Image source: Getty Images.

You have to wait until age 70 to get it

While you can apply for Social Security retirement benefits starting at age 62, you'll have to wait until age 70 to receive the maximum possible monthly benefit.

Each month you wait to claim your benefits, the Social Security Administration will increase the monthly check it'll send you. Your payout is based on your primary insurance amount, which is the amount you'll receive at full retirement age. Full retirement age ranges from 66 to 67, depending on when you were born. Those born in 1954 or earlier reached full retirement age at 66. But the full retirement age increases by two months for each year someone is born after 1954 before maxing out at age 67 for those born in 1960 or later.

If you claim benefits before your full retirement age, you'll receive less than your primary insurance amount each month. For each month you wait beyond your full retirement age, the Social Security Administration will add 2/3 of a percentage point to your monthly benefit.
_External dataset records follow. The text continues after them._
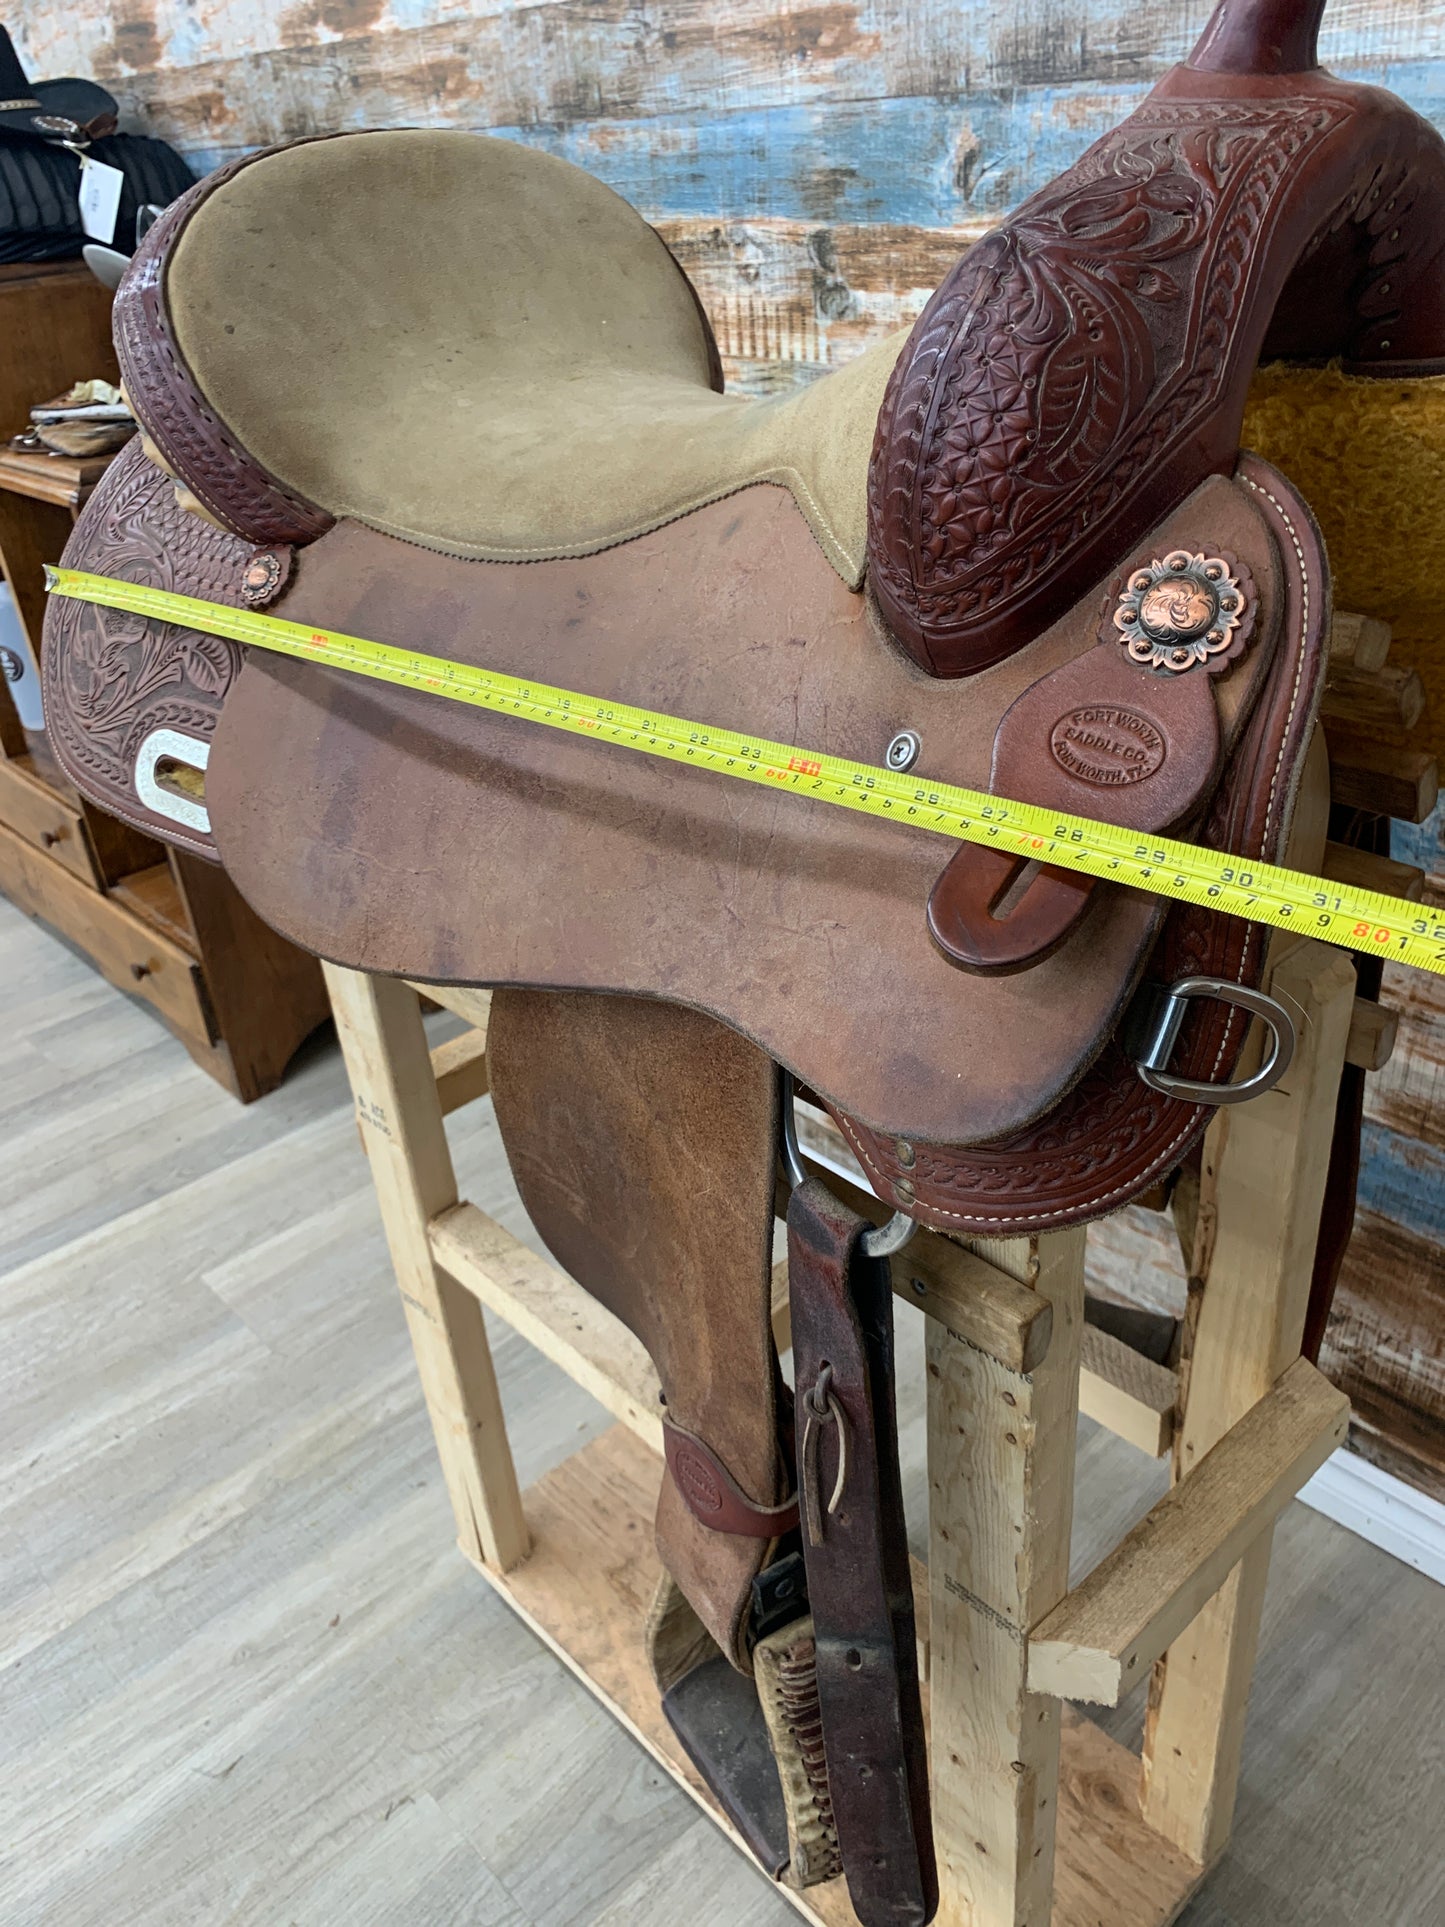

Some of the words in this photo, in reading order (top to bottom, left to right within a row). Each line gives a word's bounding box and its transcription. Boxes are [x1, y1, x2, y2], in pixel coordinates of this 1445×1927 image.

[1064, 726, 1123, 756] SADDLE
[1122, 746, 1150, 765] CO.
[1072, 710, 1117, 727] FORT
[1116, 712, 1160, 750] WORTH
[1054, 739, 1078, 768] FORT
[410, 660, 420, 670] 15
[480, 678, 492, 688] 17
[596, 708, 614, 721] 20
[641, 720, 658, 732] 21
[690, 732, 710, 746] 22
[740, 746, 762, 760] 23
[852, 774, 876, 789] 25
[980, 806, 1009, 822] 27
[1054, 825, 1083, 842] 28
[1134, 845, 1166, 864] 29
[1220, 868, 1254, 888] 30
[1312, 892, 1342, 911] 31
[578, 718, 596, 729] 50
[686, 748, 695, 756] 6
[726, 758, 736, 766] 8
[747, 763, 757, 772] 9
[766, 768, 788, 780] 60
[792, 774, 800, 784] 1
[812, 780, 823, 790] 2
[836, 786, 846, 796] 3
[858, 793, 868, 802] 4
[882, 798, 892, 808] 5
[908, 805, 917, 815] 6
[934, 812, 945, 822] 7
[960, 818, 971, 829] 8
[986, 825, 999, 836] 9
[1017, 832, 1044, 849] 70
[1048, 842, 1056, 852] 1
[1074, 849, 1088, 862] 2
[1107, 857, 1120, 870] 3
[1140, 866, 1152, 878] 4
[1172, 874, 1188, 888] 5
[1207, 884, 1222, 897] 6
[1244, 893, 1258, 906] 7
[1278, 903, 1293, 917] 8
[1316, 914, 1332, 928] 9
[1352, 922, 1391, 944] 80
[1398, 936, 1409, 950] 1
That means 70-year-olds claiming Social Security this year received 32% more than their primary insurance amounts.

Here's some more bad news for those aiming to fully max out Social Security: Since the full retirement age is increasing, the maximum benefit isn't going to be worth as much relative to your primary insurance amount as it used to be.

It doesn't replace most of your income

Since receiving the maximum $4,873 monthly benefit requires you to earn a high income, it won't replace a significant percentage.
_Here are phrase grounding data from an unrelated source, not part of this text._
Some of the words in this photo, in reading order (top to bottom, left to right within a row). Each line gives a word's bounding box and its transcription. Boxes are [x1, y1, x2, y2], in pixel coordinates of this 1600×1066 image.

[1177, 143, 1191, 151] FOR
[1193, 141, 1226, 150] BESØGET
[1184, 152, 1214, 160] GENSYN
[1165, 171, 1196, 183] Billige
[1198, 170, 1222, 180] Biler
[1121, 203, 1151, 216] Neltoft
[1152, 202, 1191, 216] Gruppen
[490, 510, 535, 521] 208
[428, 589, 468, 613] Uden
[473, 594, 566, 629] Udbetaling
The minimum amount you had to earn to max out the Social Security contribution in 2023 was $160,200. A monthly benefit of $4,873 will only replace 36.5% of that amount. And even if you earned more than that, you still can only receive $4,873 per month.
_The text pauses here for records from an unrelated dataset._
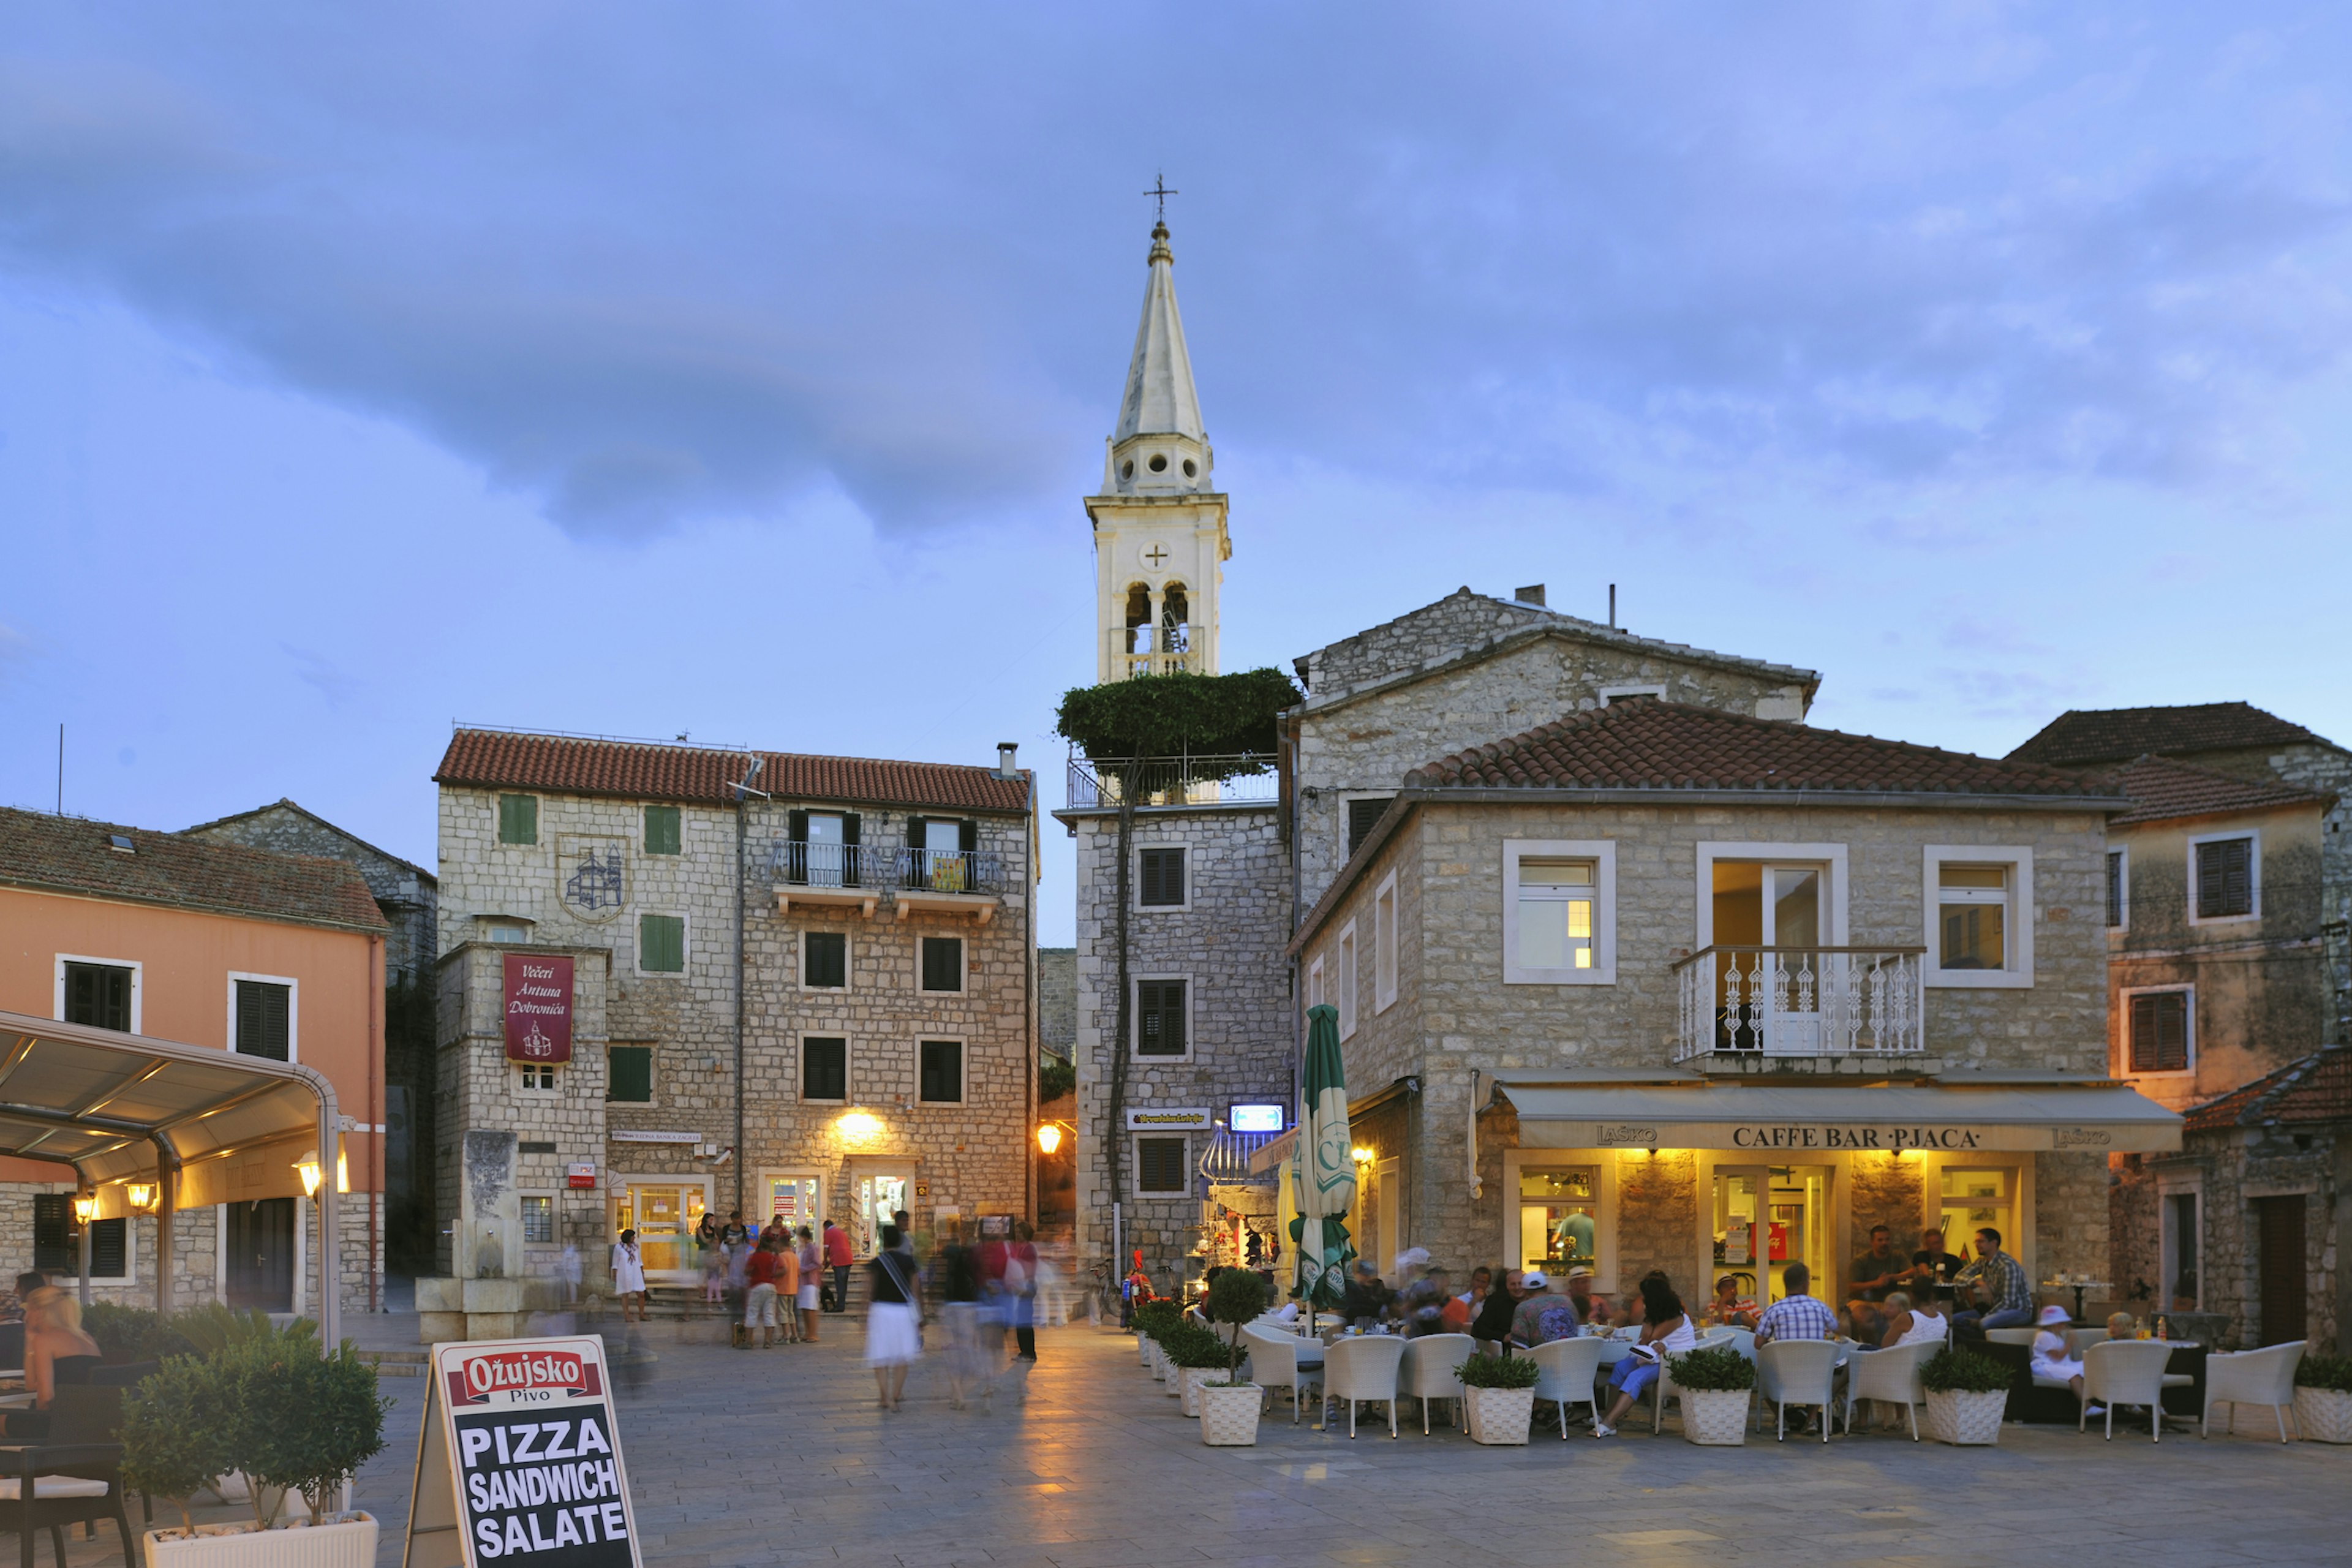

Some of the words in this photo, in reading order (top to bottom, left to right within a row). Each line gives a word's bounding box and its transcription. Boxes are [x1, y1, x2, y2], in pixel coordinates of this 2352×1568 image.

[522, 965, 554, 979] Večeri
[516, 982, 562, 998] Antuna
[509, 1000, 565, 1016] Dobronića
[1596, 1125, 1657, 1145] LAŠKO
[1733, 1127, 1818, 1147] CAFFE
[1826, 1128, 1879, 1148] BAR
[468, 1353, 579, 1392] Ožujsko
[510, 1389, 551, 1403] Pivo
[460, 1417, 611, 1468] PIZZA
[469, 1458, 620, 1513] SANDWICH
[476, 1501, 628, 1558] SALATE
The reason Social Security replaces relatively little of your income at this level is because it's a progressive program. Individuals with lower incomes will see a much higher percentage of their income replaced by Social Security in retirement. Those with higher incomes will see a lower percentage replaced.

If you weren't saving very much for retirement while earning such a high salary, you likely have some very high living expenses. Social Security alone won't cover them. You'll likely need some hefty 401(k), IRA, and brokerage balances to make up the difference.

The taxes can be a substantial burden

When you receive such a big Social Security check, it's hard to avoid paying high taxes.

The way the government taxes your Social Security benefits uses a metric called "combined income." Combined income is equal to half your Social Security benefits, plus your adjusted gross income, plus any untaxed interest income you received. If your combined income exceeds a certain threshold, a portion of your income gets taxed.

Your Benefits Are: If You're an Individual With Or Married Filing Jointly With
Up to 50% Taxable Combined Income > $25,000 Combined Income > $32,000
Up to 85% Taxable Combined Income > $34,000 Combined Income > $44,000

Table source: Author. Data source: Social Security Administration.

With a monthly benefit of $4,873, your combined income for 2024 would already total $29,238 before adding any other income. When you start adding income from retirement account withdrawals or capital gains on your investments, you'll likely make more and more of your Social Security income taxable.

What's more, you could find the marginal tax rate on certain tax strategies like Roth IRA conversions or capital gains harvesting makes them unfeasible while collecting such a large Social Security check. That's because each extra dollar in income from conversions or capital gains could also push an extra $0.85 of Social Security benefits into your taxable income. Some financial planners refer to this phenomenon as the Social Security tax torpedo.

While paying taxes on a high income isn't the worst thing in the world, it can still take a major chunk out of your retirement budget. So make sure you plan for taxes if you're planning to receive the maximum possible Social Security benefit.